On Wednesday, July 15, 2020, Administrator of the Centers for Medicare & Medicaid Services (CMS), Seema Verma, published a blog post on the Health Affairs Blog discussing CMS’ efforts to expand telehealth for Medicare beneficiaries during the COVID-19 pandemic and reviewing the potential of adopting some flexibilities as permanent measures.
Historically Medicare has covered telehealth services in limited circumstances, and requires use of an interactive audio and video telecommunications system that allows real-time communication between the patient and provider. Over the past several years, Medicare covered telehealth services have been gradually expanded to include brief communications or Virtual Check-Ins and increased flexibility for patients in underserved rural areas.
Expansion of Medicare Telehealth During COVID-19 Outbreak
During the COVID-19 public health emergency, CMS has expanded the scope of Medicare covered telehealth services to enable beneficiaries to receive telehealth services from any location, including their homes. CMS added 135 allowable services, including emergency department visits, home visits, and physical, occupational and speech therapy services. In addition, CMS temporarily expanded the types of health care providers who can offer telehealth to include physical therapists, occupational therapists and speech language pathologists. Providers can bill for these services at the same rate as for in-person services. Previous Health Law Pulse posts on COVID-19 telehealth flexibilities may be found here and here.
While interactive audio-video technology is usually required for telehealth visits, the Department of Health and Human Services (HHS) Office of Civil Rights announced it would exercise enforcement discretion and waive penalties for HIPAA violations during the COVID-19 public health emergency for providers serving patients in good faith using technologies like FaceTime or Skype. The HHS Office of Inspector General also announced it would not enforce requirements for providers to collect copayments from patients for telehealth services. The CARES Act permits CMS to reimburse Rural Health Clinics and Federally Qualified Health Centers to provide telehealth services.

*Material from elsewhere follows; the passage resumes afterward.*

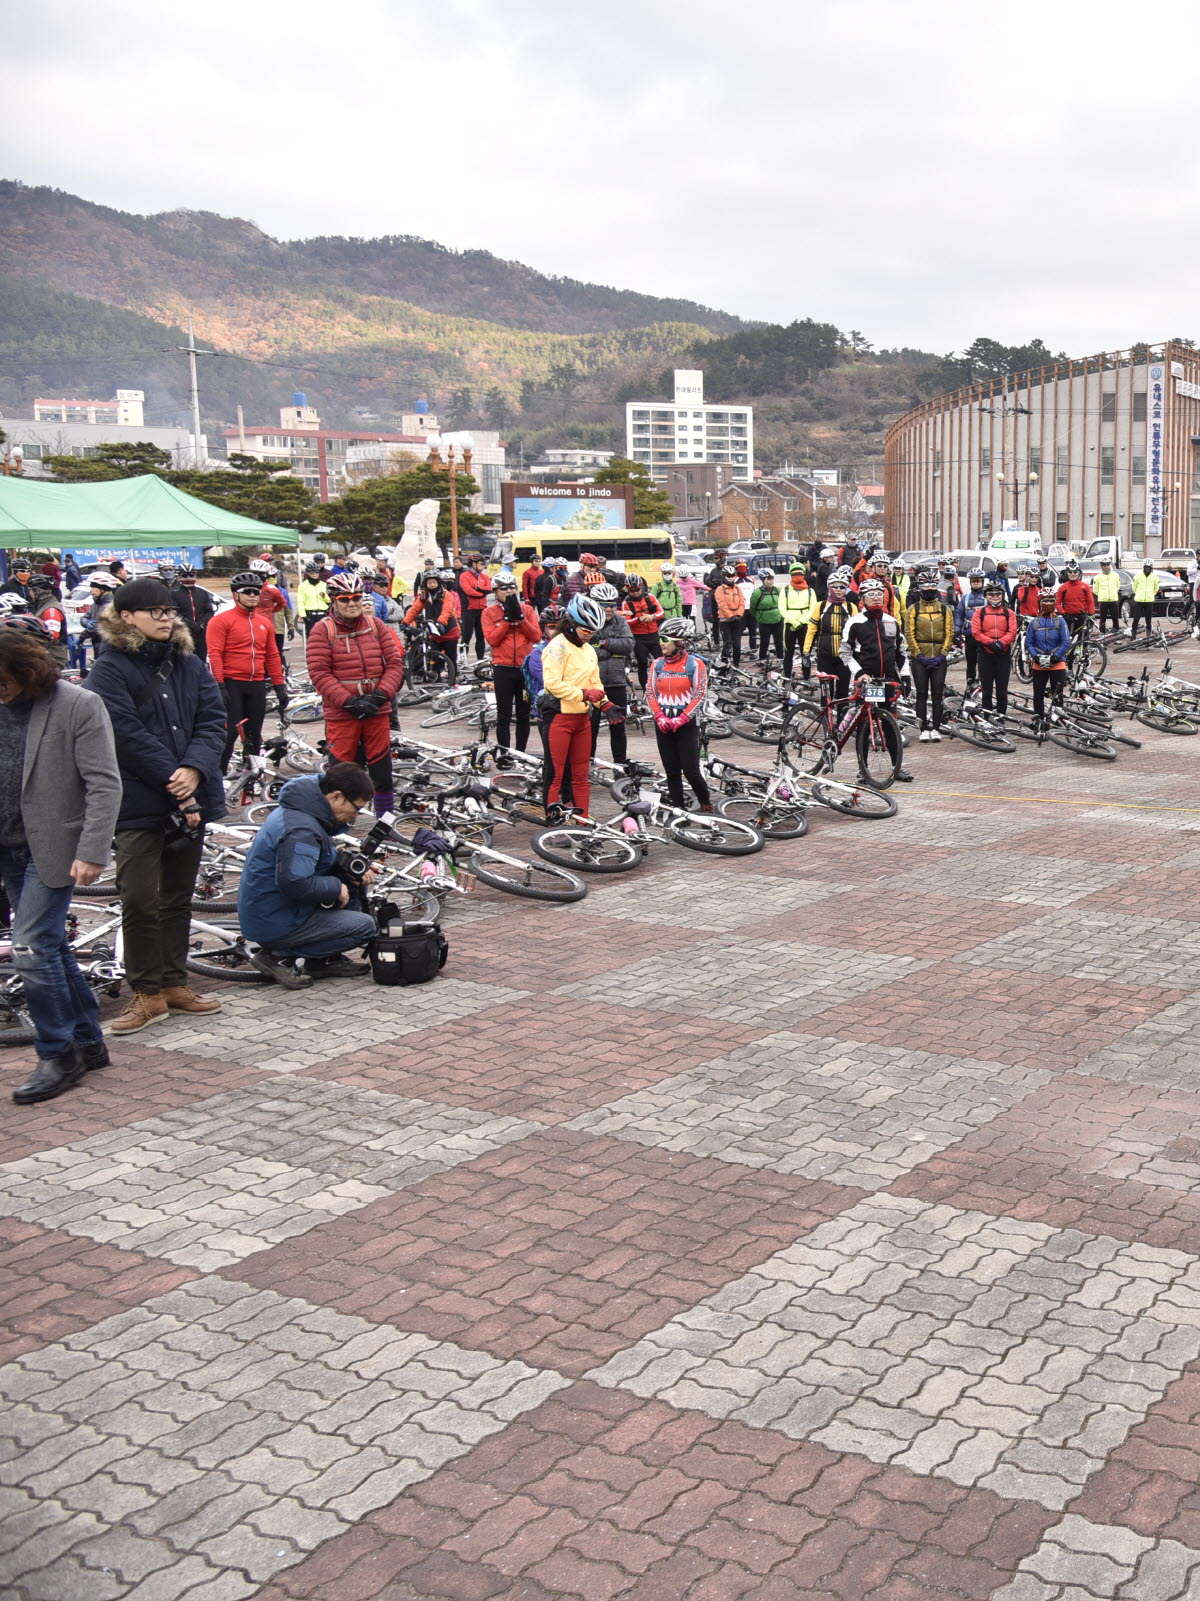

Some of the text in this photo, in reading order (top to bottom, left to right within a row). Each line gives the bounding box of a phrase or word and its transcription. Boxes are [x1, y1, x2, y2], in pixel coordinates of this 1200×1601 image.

Administrator Verma states in her blog post that during the COVID-19 pandemic there has been a significant increase in Medicare beneficiaries receiving telehealth services, from 13,000 beneficiaries weekly before the pandemic to approximately 1.7 million in the last week of April. From mid-March through mid-June “over 9 million beneficiaries have received a telehealth service.” According to Medicare FFS claims data, use of telehealth services was 22% of beneficiaries in rural areas and 30% of beneficiaries in urban areas. Beneficiaries received telehealth services at similar rates across demographics, but dually eligible beneficiaries have had higher rates of telehealth use. Nearly 5.8 million Medicare beneficiaries have received evaluation and management visits (office visits) via telehealth, and approximately 460,000 beneficiaries have used telehealth for mental health services. With the added flexibility of audio-only telehealth services during the pandemic, over 3 million beneficiaries have received services via traditional telephone. Early data shows the accelerated adoption of telehealth during the pandemic.